**Exercise details:** All records below are to be set down precisely as written, excluding pictures.

[Start of Attachment]

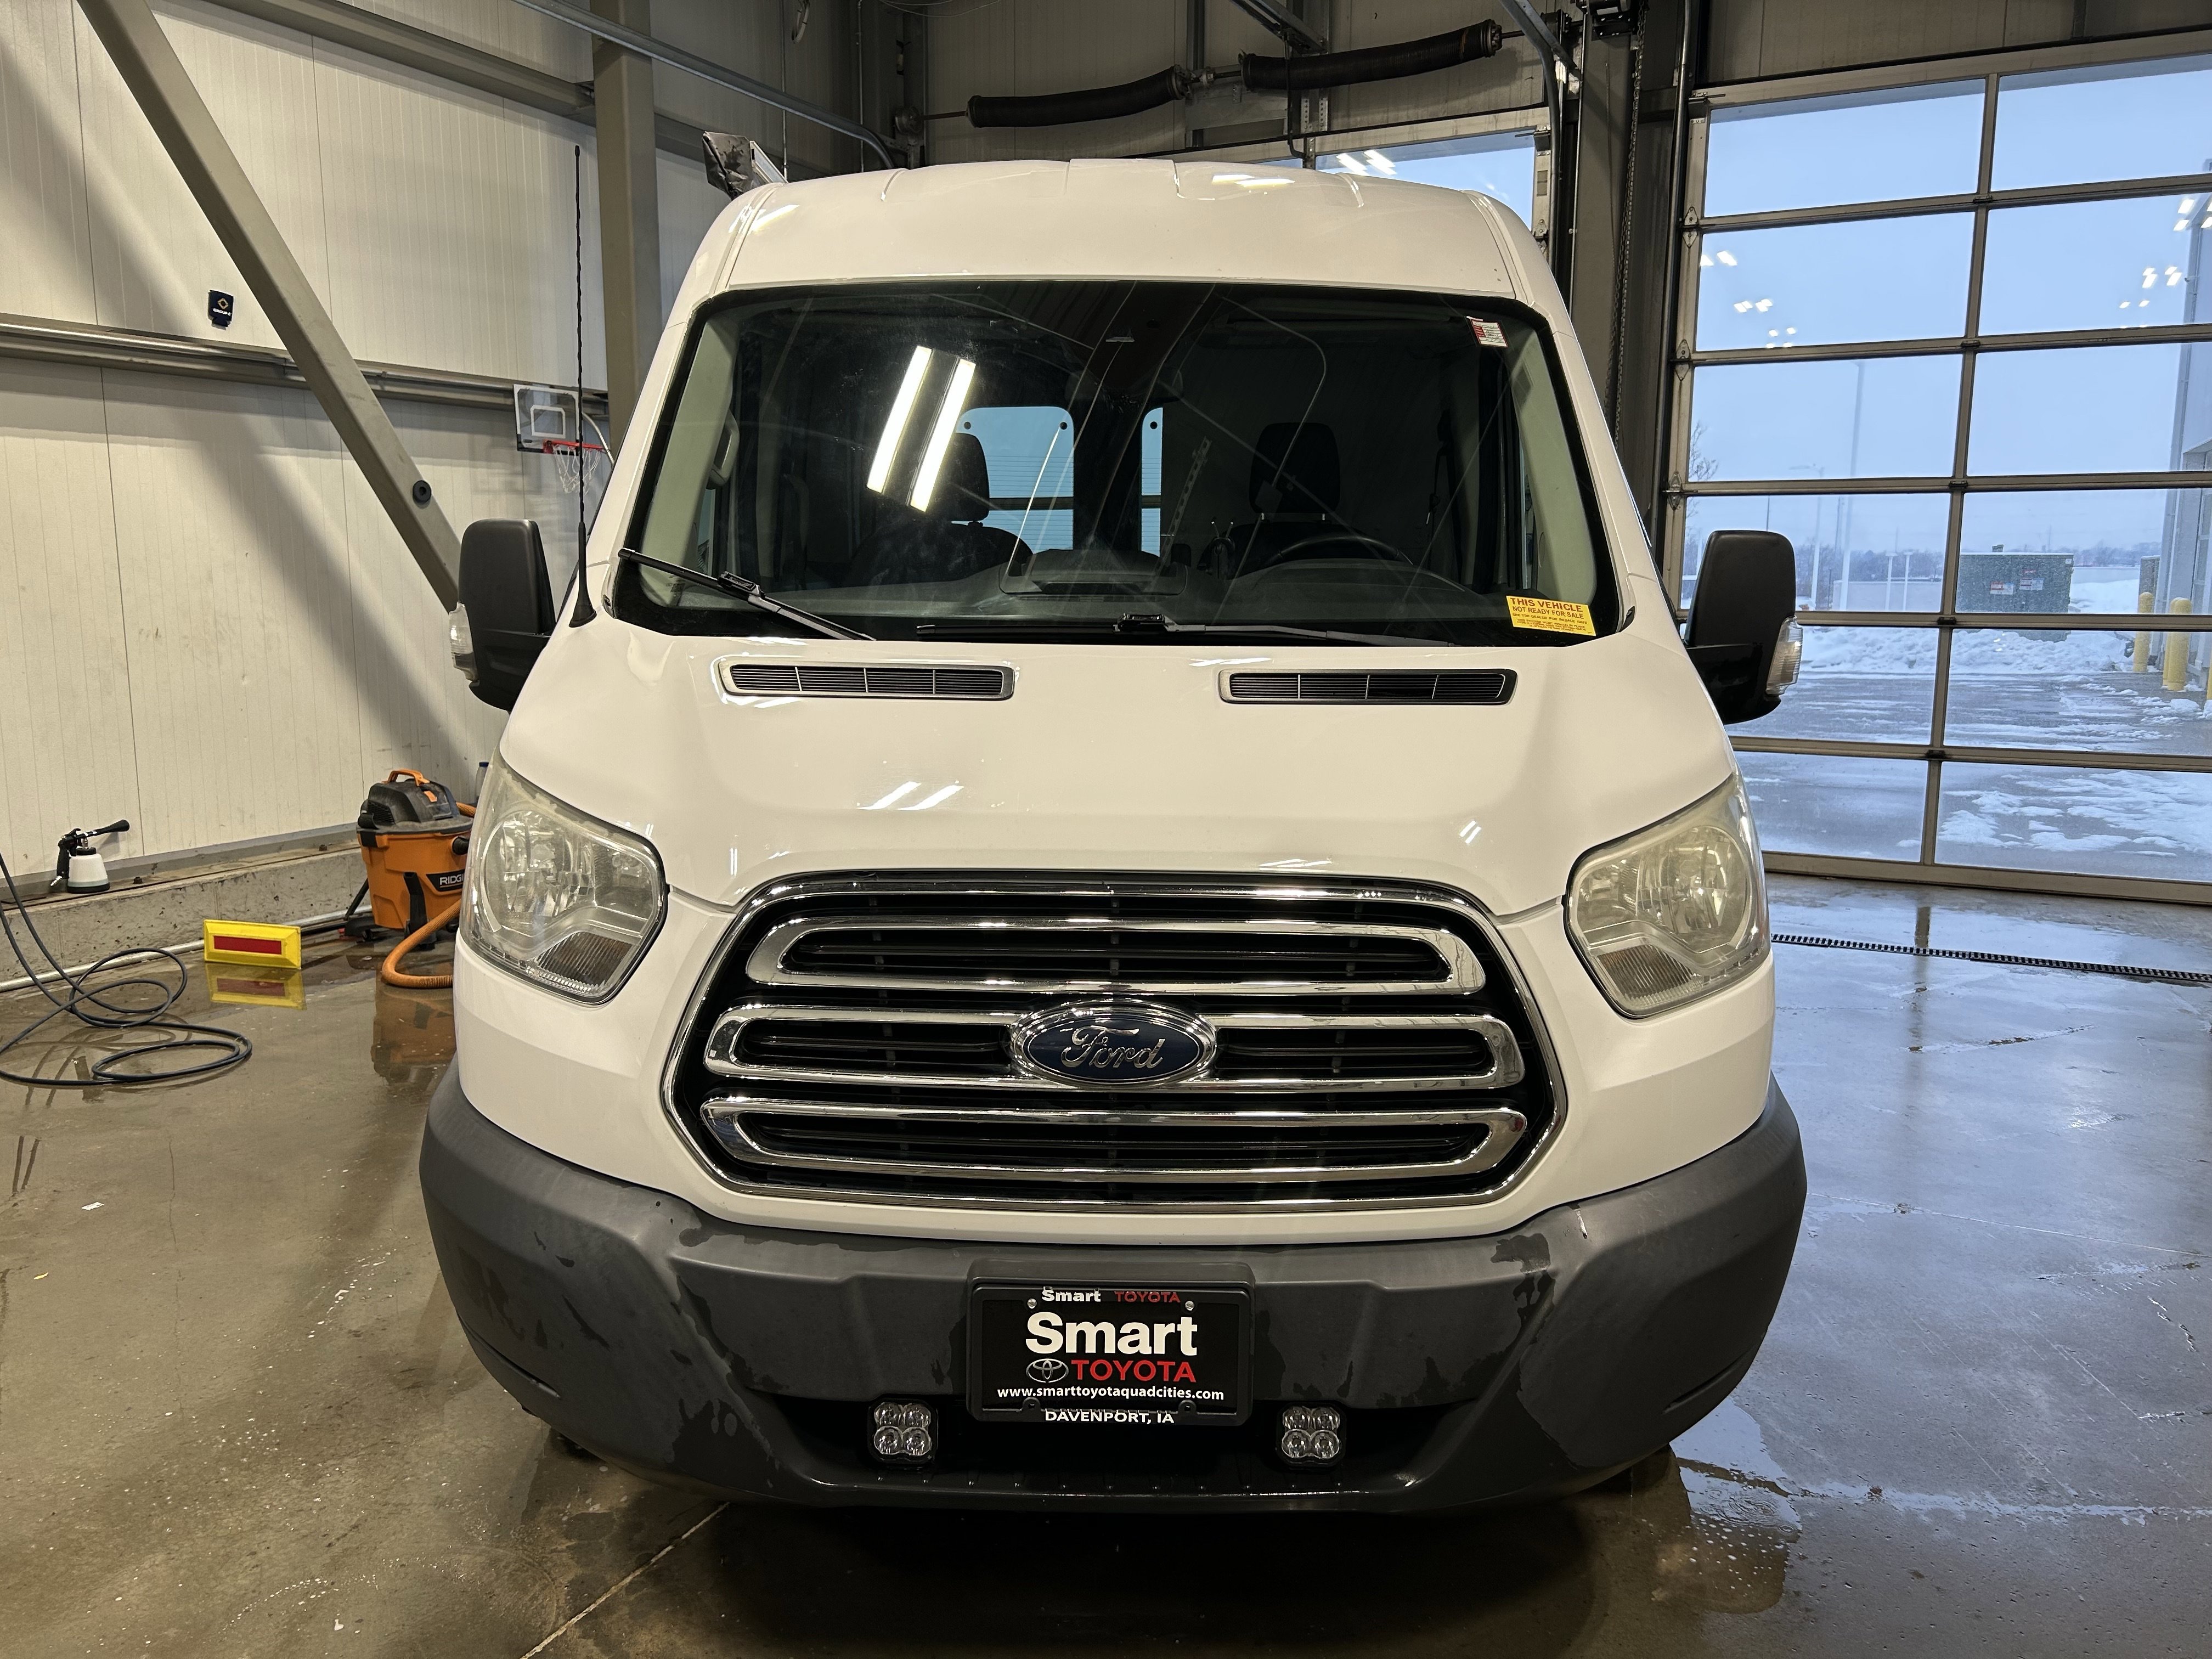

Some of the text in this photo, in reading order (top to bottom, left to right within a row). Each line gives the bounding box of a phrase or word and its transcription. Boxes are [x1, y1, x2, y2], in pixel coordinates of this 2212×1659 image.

[1510, 597, 1583, 613] THIS VEHICLE
[1060, 1025, 1166, 1069] Ford
[1042, 1289, 1181, 1304] Smart TOYOTA
[1025, 1311, 1198, 1356] Smart
[1071, 1359, 1197, 1383] TOYOTA
[997, 1385, 1224, 1400] www.smarttoyotaquadcities.com
[1045, 1410, 1175, 1425] DAVENPORT, IA
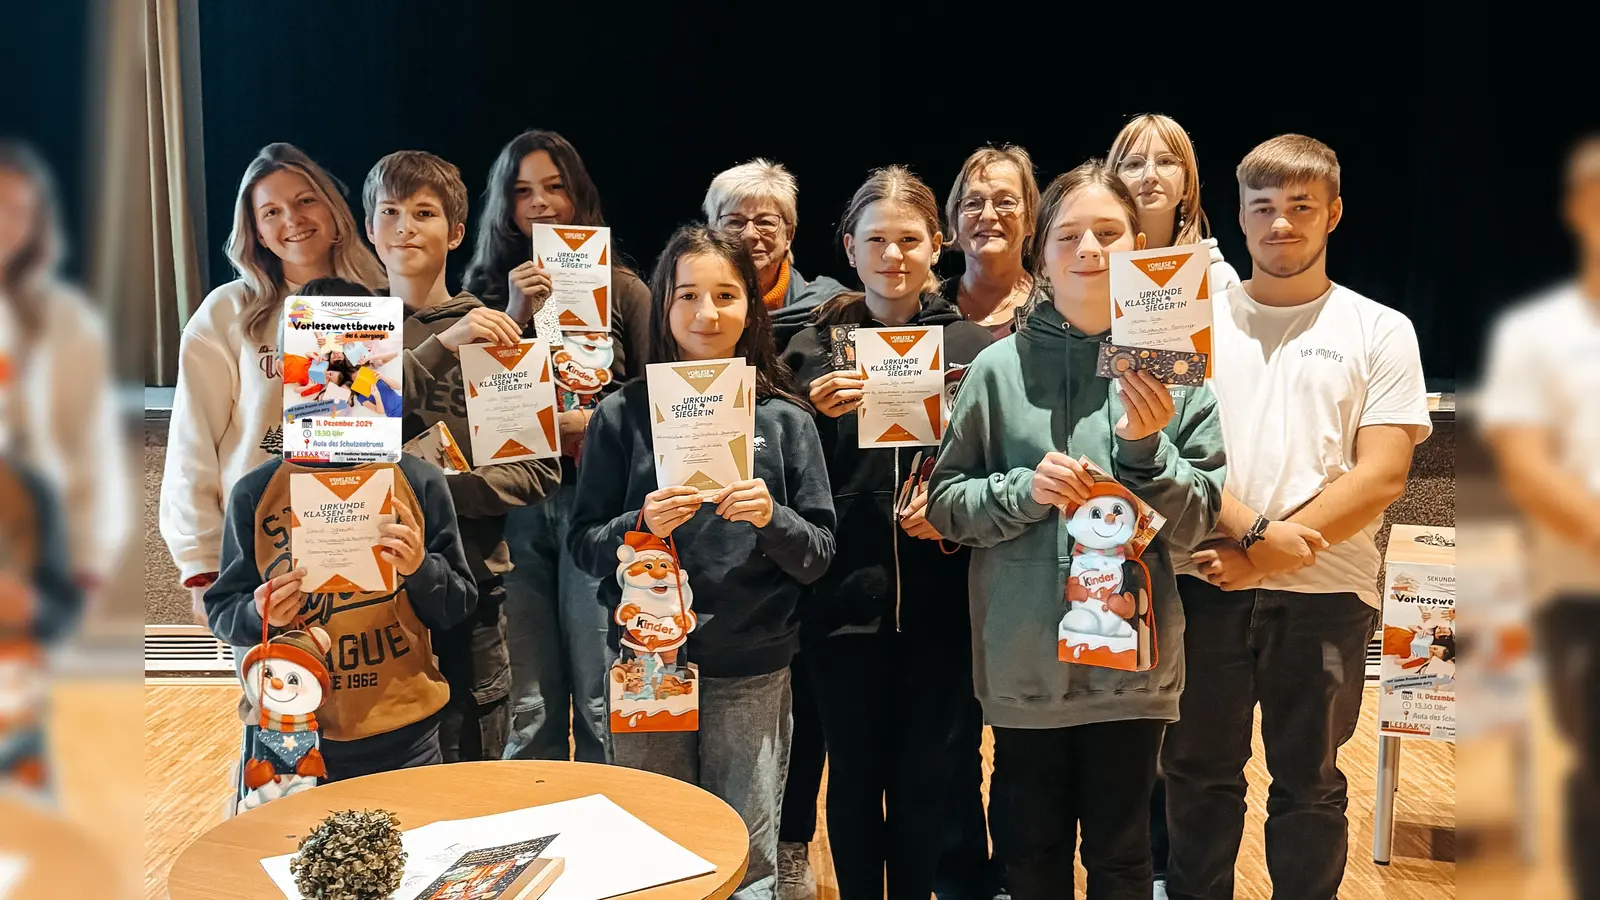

[End of Attachment]

**Exercise output:**
Some of the text in this photo, in reading order (top to bottom, left to right within a row). Each line gives the bounding box of a phrase or word and its transcription. Boxes are [x1, y1, x2, y2], in pixel coordinates of this 2212×1659 image.

[1510, 597, 1583, 613] THIS VEHICLE
[1060, 1025, 1166, 1069] Ford
[1042, 1289, 1181, 1304] Smart TOYOTA
[1025, 1311, 1198, 1356] Smart
[1071, 1359, 1197, 1383] TOYOTA
[997, 1385, 1224, 1400] www.smarttoyotaquadcities.com
[1045, 1410, 1175, 1425] DAVENPORT, IA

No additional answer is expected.